“Stepping back” the paradoxical beginning of love and communion
Katie van Schaijik | Dec 16, 2015
Looking for a quote in Guardini's The World and the Person just now—to adorn a post about ego-transcendence I'm working on—I come across these wonderful lines [my bold]:
The first step toward the "Thou" [i.e., toward regarding the other as a subject and a self, rather than as a mere object in my world] is that movement which means "hands off" and clears the space in which the person's capacity of serving as his own purpose can be realized. This is the first exercise of justice and the basis of all "love." Personal love begins decisively not with a movement toward the other but away from him. At the same moment my own attitude also changes. In the measure in which I release the being which at first I regard only as an object, and consider it as a self meeting me from its own center, permitting it to become my "Thou," I pass from the attitude of a using or fighting subject into that of the "I."

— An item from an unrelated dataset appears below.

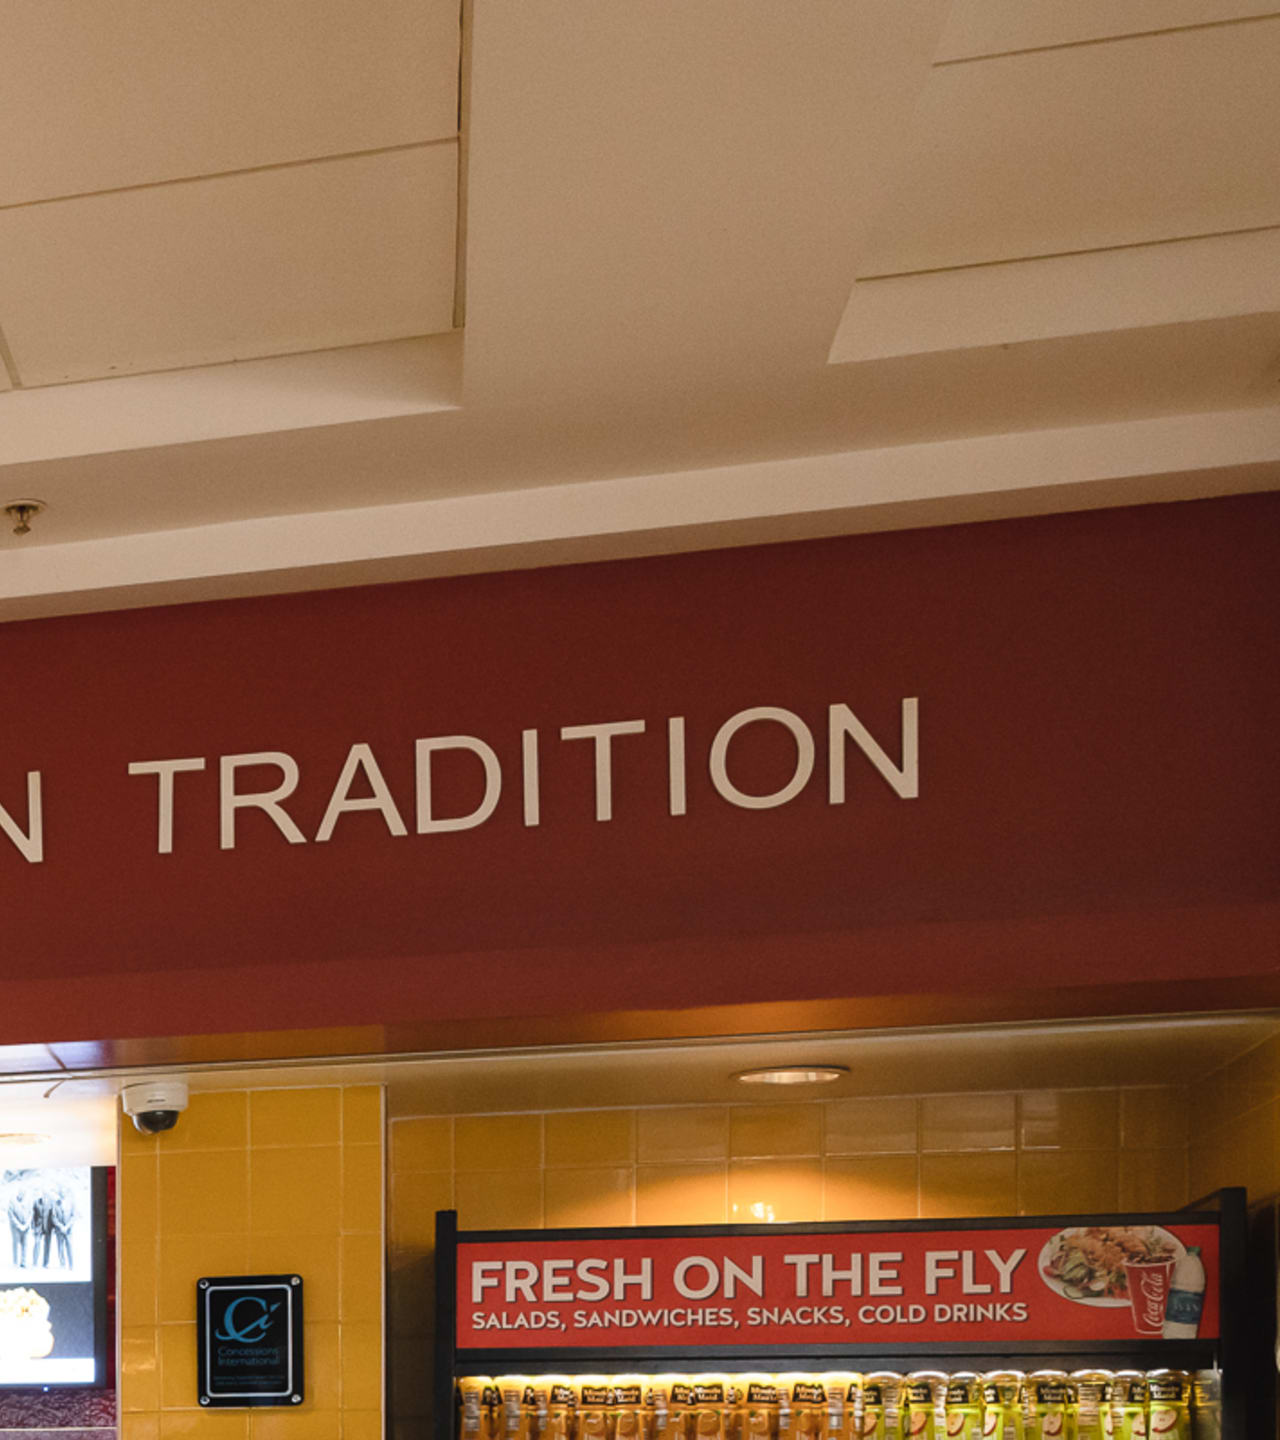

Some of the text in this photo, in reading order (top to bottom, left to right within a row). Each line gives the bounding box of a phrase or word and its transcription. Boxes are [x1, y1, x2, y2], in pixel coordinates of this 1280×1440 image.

[128, 697, 919, 854] TRADITION
[472, 1249, 1027, 1303] FRESH ON THE FLY
[472, 1302, 1029, 1332] SALADS, SANDWICHES, SNACKS, COLD DRINKS

The other day I found a companion thought in a book about recovery from traumatizing narcissism.
The analyst provides the analysand a new beginning with his non-impinging, abiding presence, offered in the service of the analysand's efforts at reparative self-delineation.
This is a profoundly personalist insight. We have to give others the spiritual space they need to allow their own subjectivity to emerge. We have to guard the space around our own subjectivity, not allowing others to impinge on it.